Henri I de Saint-Nectaire, marquis de La Ferté-Nabert, (1573 – 4 January 1662 in Paris), was a French general and diplomat.

== Biography ==
He was a son of the Marquis François de Saint-Nectaire, State Councilor and Knight of the Order of the Holy Spirit, and of Jeanne de Laval, mistress of King Henry III.

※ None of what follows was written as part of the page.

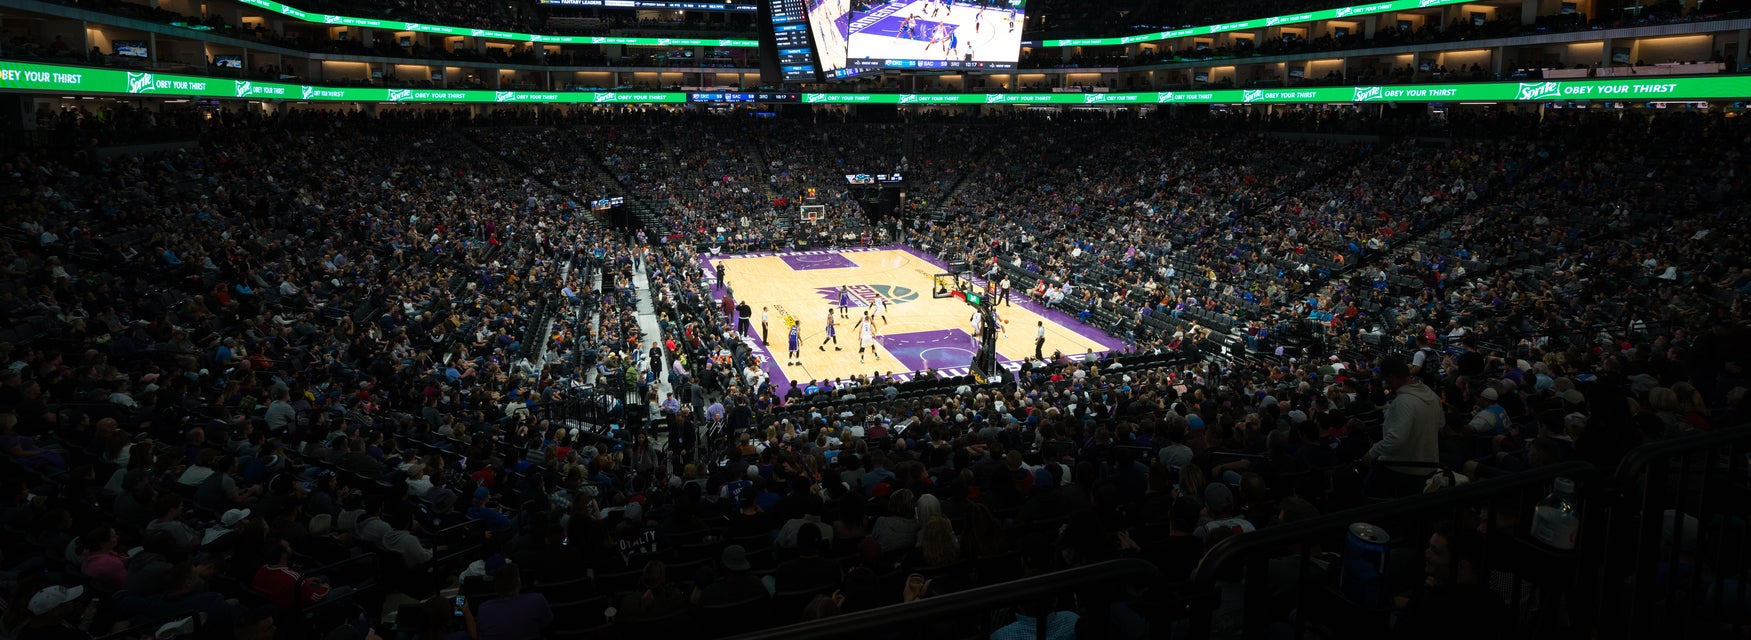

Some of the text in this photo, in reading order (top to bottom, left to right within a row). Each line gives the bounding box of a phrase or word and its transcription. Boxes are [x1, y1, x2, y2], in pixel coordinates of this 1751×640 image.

He joined the King's Army at a young age and by 1622, he was Maréchal de camp in the army of Louis, Count of Soissons at La Rochelle. Then he was Lieutenant general in the government of Champagne.

From 1634 until 1637, Saint-Nectaire was ambassador to England, then ruled by King Charles I of England, but still before the English Civil War.

He was subsequently Minister of State and a Knight of the Order of the Holy Spirit.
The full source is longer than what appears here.